TASK OBJECTIVE:
Could you return all of the entries below exactly, minus the pictures?

[Records from a dataset]
----------------------------------------

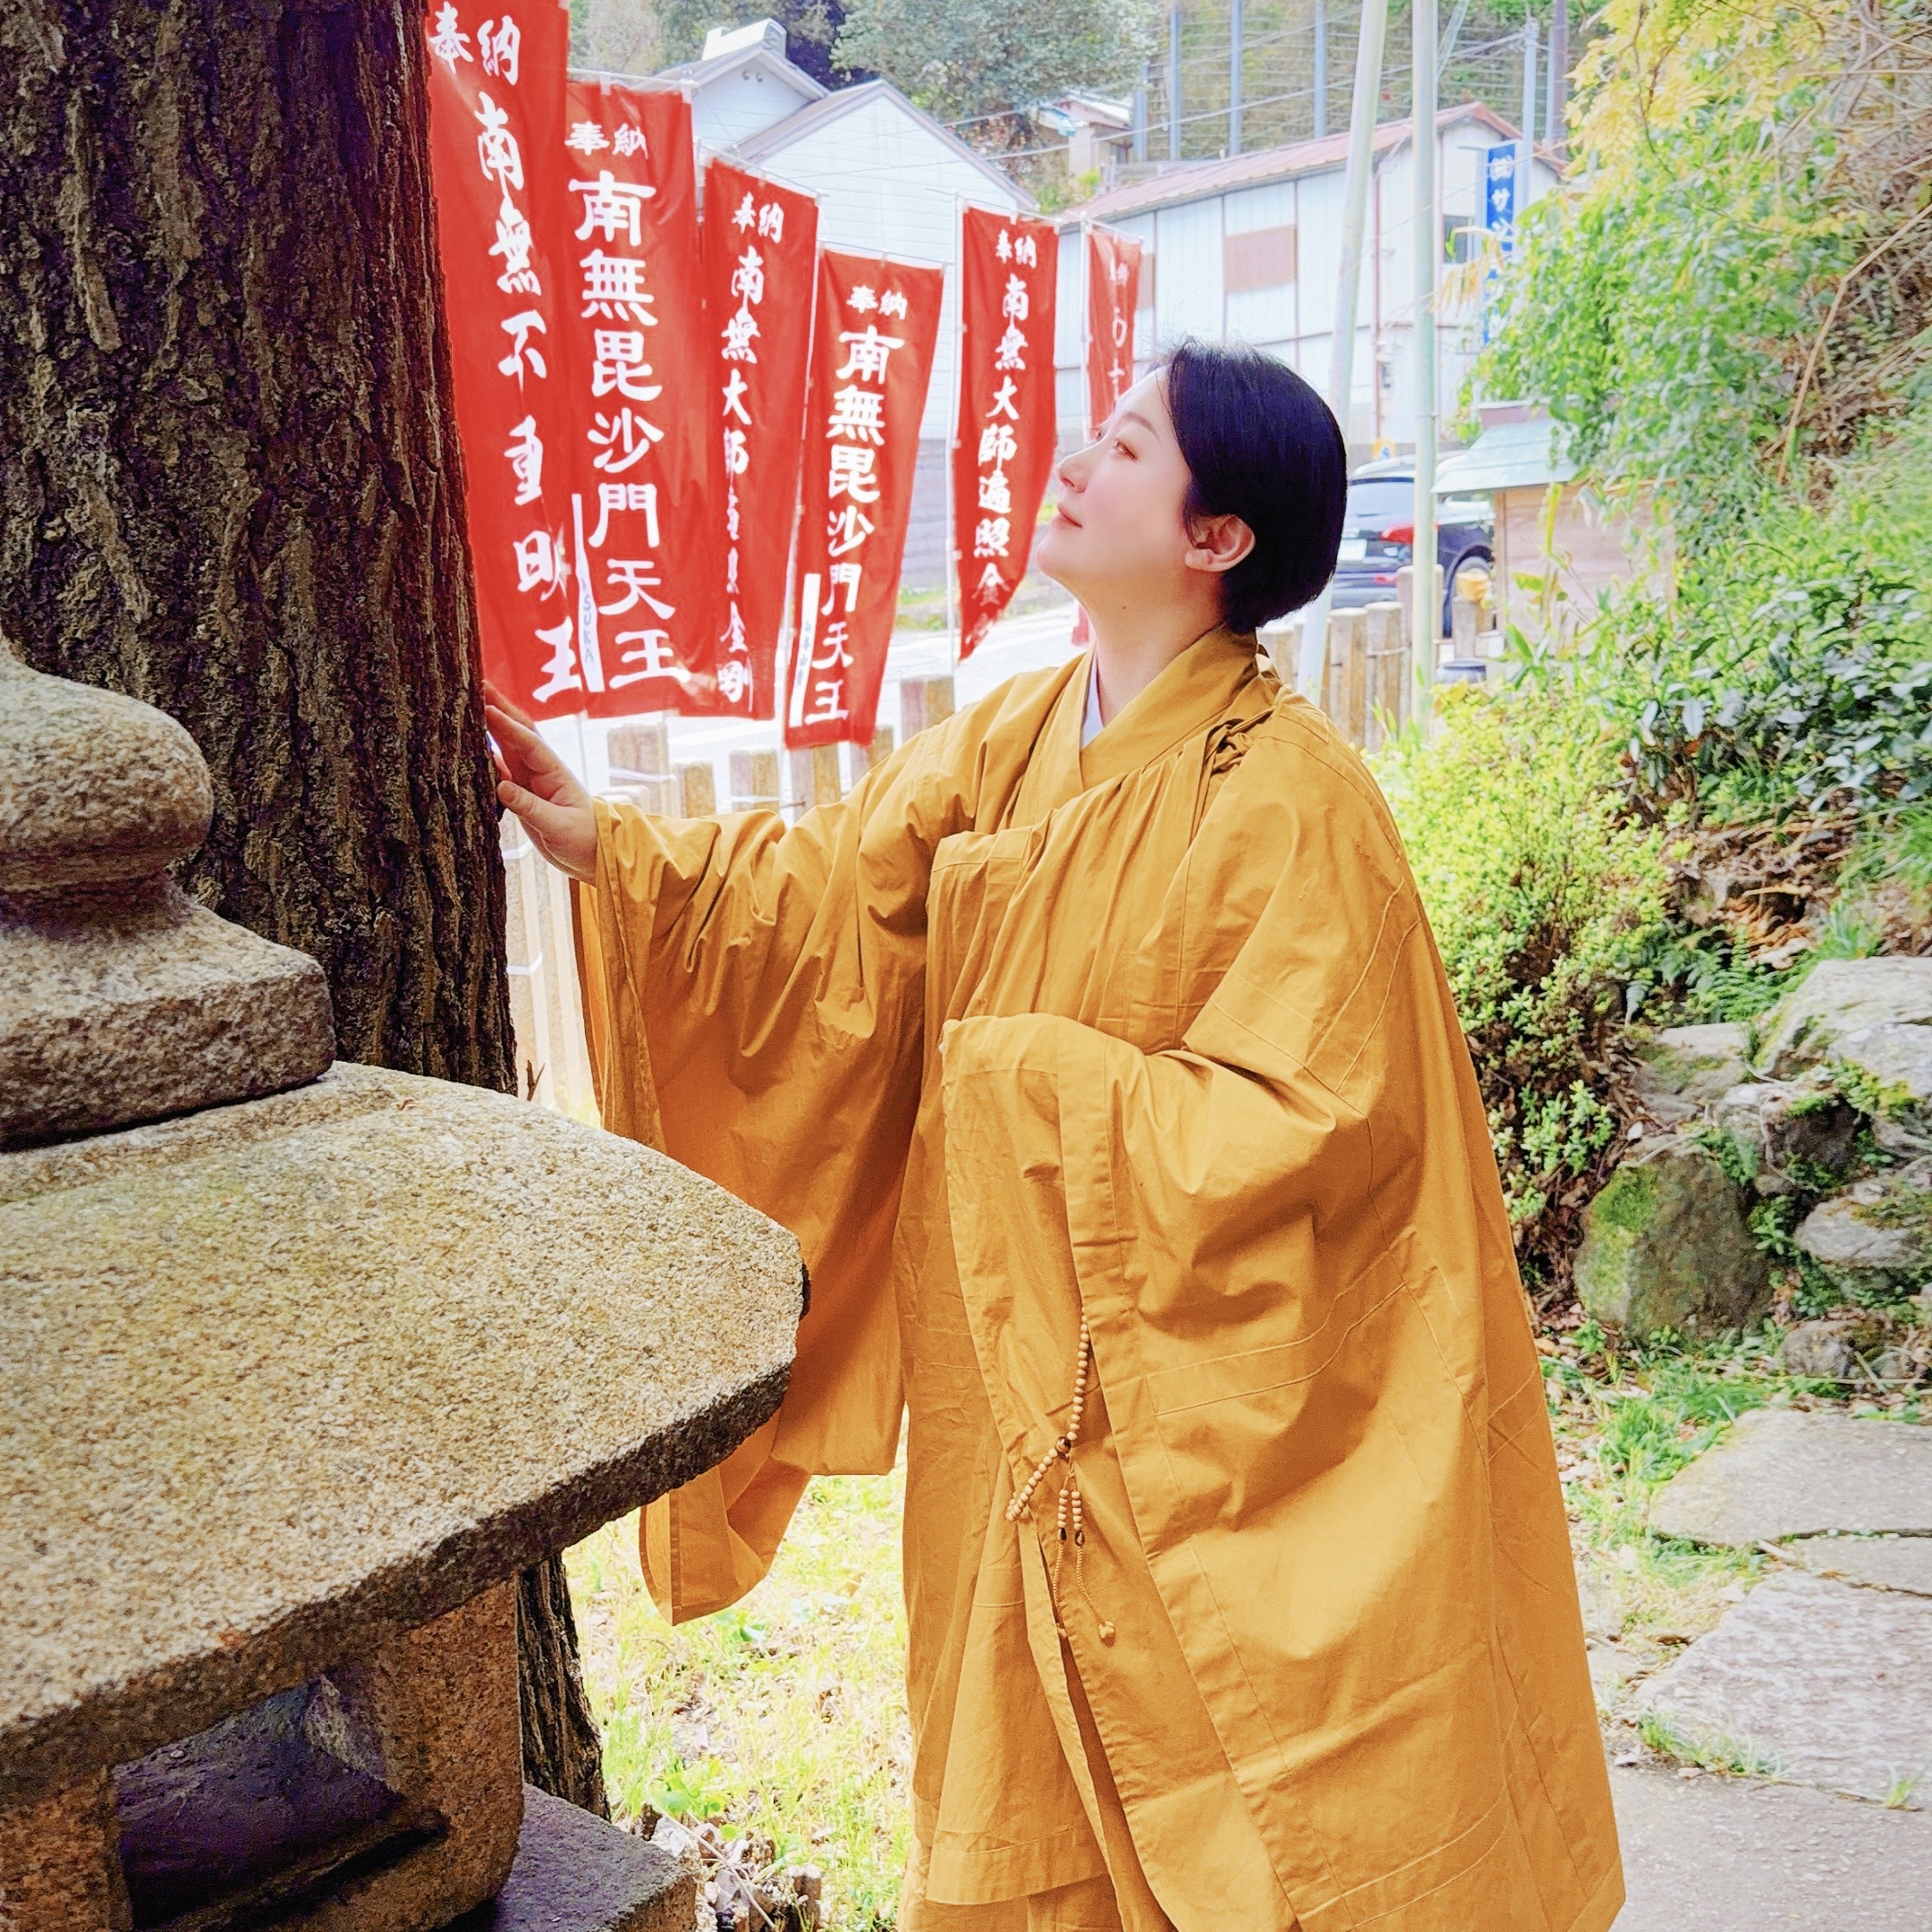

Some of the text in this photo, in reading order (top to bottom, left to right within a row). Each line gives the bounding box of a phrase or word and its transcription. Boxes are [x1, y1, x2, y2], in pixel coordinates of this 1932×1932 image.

[429, 2, 521, 86] 奉納
[564, 122, 649, 159] 奉納
[731, 191, 784, 243] 奉納
[995, 229, 1038, 268] 奉納
[846, 284, 908, 320] 奉納
[568, 170, 691, 690] 南無毘沙門天王
[804, 325, 905, 724] 南無毘沙門天王
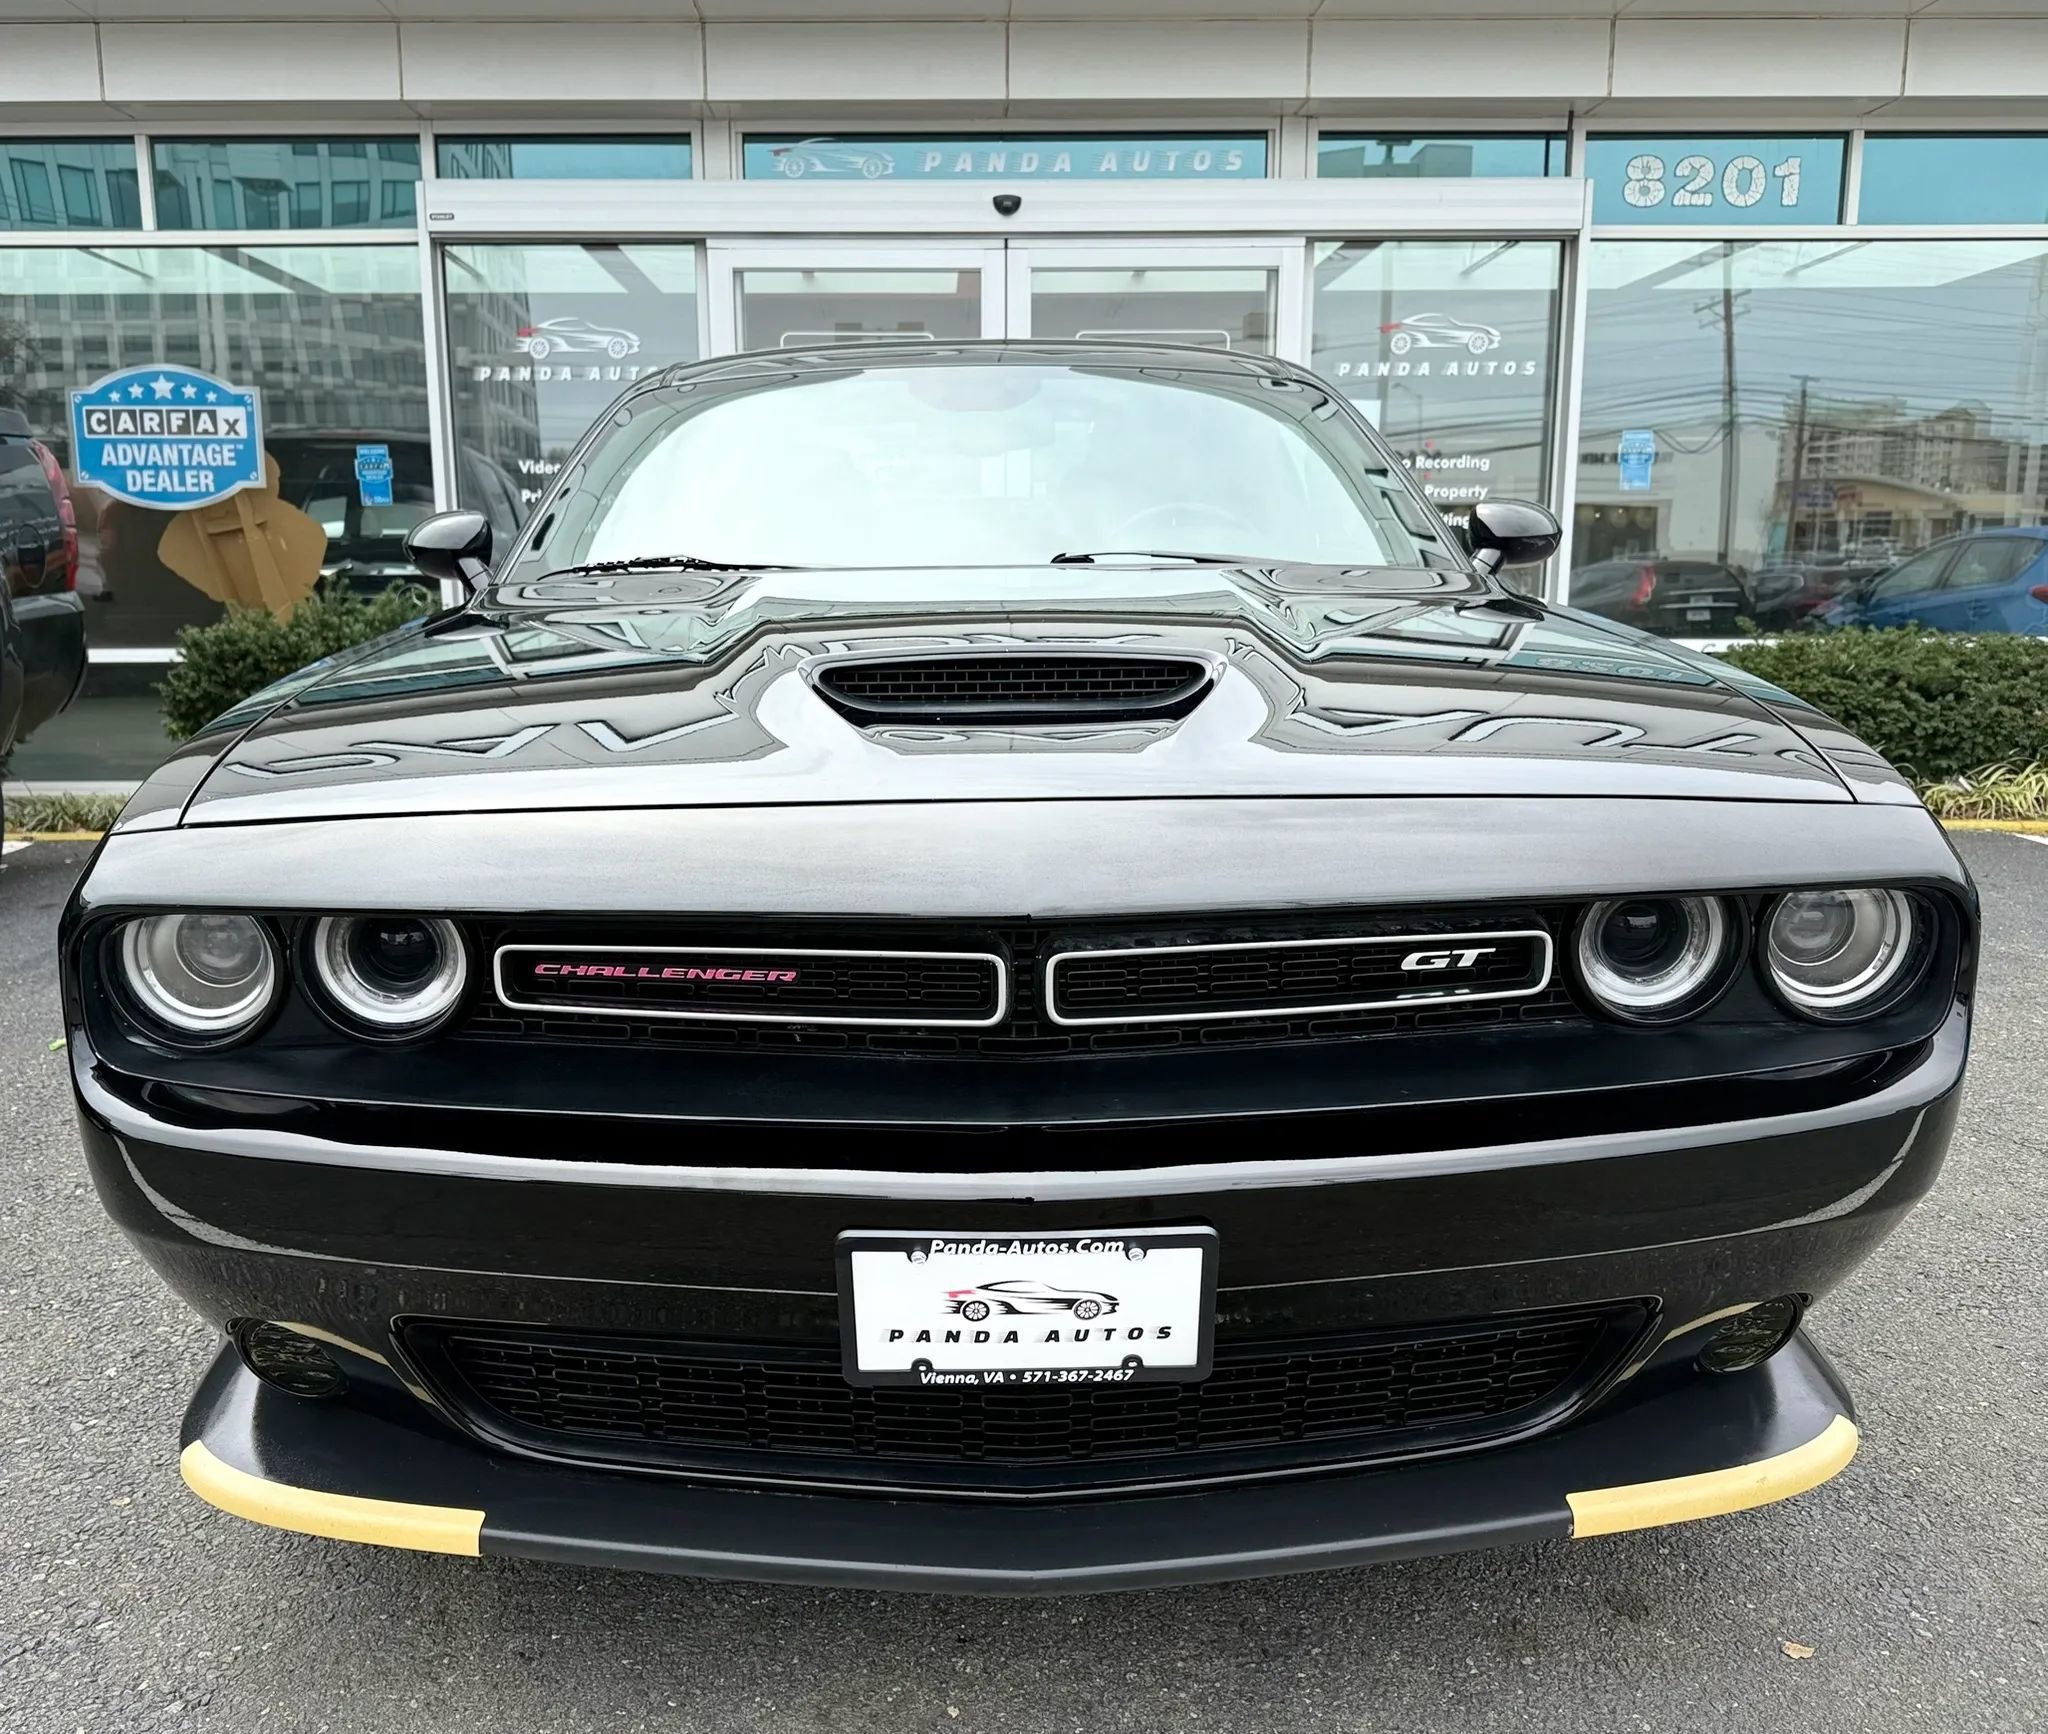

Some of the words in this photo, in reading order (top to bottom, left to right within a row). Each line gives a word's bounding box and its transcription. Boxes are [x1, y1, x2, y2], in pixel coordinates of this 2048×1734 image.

[922, 151, 1072, 173] PANDA
[1099, 150, 1244, 172] AUTOS
[1622, 153, 1802, 208] 8201
[478, 366, 573, 382] PANDA
[1338, 362, 1431, 377] PANDA
[1446, 361, 1537, 376] AUTOS
[89, 411, 241, 437] CARFAX
[1415, 455, 1490, 472] Recording
[126, 469, 216, 493] DEALER
[1424, 484, 1489, 501] Property
[1400, 948, 1497, 971] GT
[534, 964, 797, 982] CHALLENGER
[929, 1238, 1126, 1256] Panda-Autos.Com
[888, 1329, 1020, 1344] PANDA
[1044, 1325, 1172, 1343] AUTOS
[919, 1370, 980, 1385] Vienna,
[982, 1371, 1005, 1384] VA
[1021, 1369, 1135, 1384] 571-367-2467

----------------------------------------

RESPONSE:
Some of the text in this photo, in reading order (top to bottom, left to right within a row). Each line gives the bounding box of a phrase or word and its transcription. Boxes are [x1, y1, x2, y2], in pixel coordinates of this 1932×1932 image.

[429, 2, 521, 86] 奉納
[564, 122, 649, 159] 奉納
[731, 191, 784, 243] 奉納
[995, 229, 1038, 268] 奉納
[846, 284, 908, 320] 奉納
[568, 170, 691, 690] 南無毘沙門天王
[804, 325, 905, 724] 南無毘沙門天王

Some of the words in this photo, in reading order (top to bottom, left to right within a row). Each line gives a word's bounding box and its transcription. Boxes are [x1, y1, x2, y2], in pixel coordinates of this 2048×1734 image.

[922, 151, 1072, 173] PANDA
[1099, 150, 1244, 172] AUTOS
[1622, 153, 1802, 208] 8201
[478, 366, 573, 382] PANDA
[1338, 362, 1431, 377] PANDA
[1446, 361, 1537, 376] AUTOS
[89, 411, 241, 437] CARFAX
[1415, 455, 1490, 472] Recording
[126, 469, 216, 493] DEALER
[1424, 484, 1489, 501] Property
[1400, 948, 1497, 971] GT
[534, 964, 797, 982] CHALLENGER
[929, 1238, 1126, 1256] Panda-Autos.Com
[888, 1329, 1020, 1344] PANDA
[1044, 1325, 1172, 1343] AUTOS
[919, 1370, 980, 1385] Vienna,
[982, 1371, 1005, 1384] VA
[1021, 1369, 1135, 1384] 571-367-2467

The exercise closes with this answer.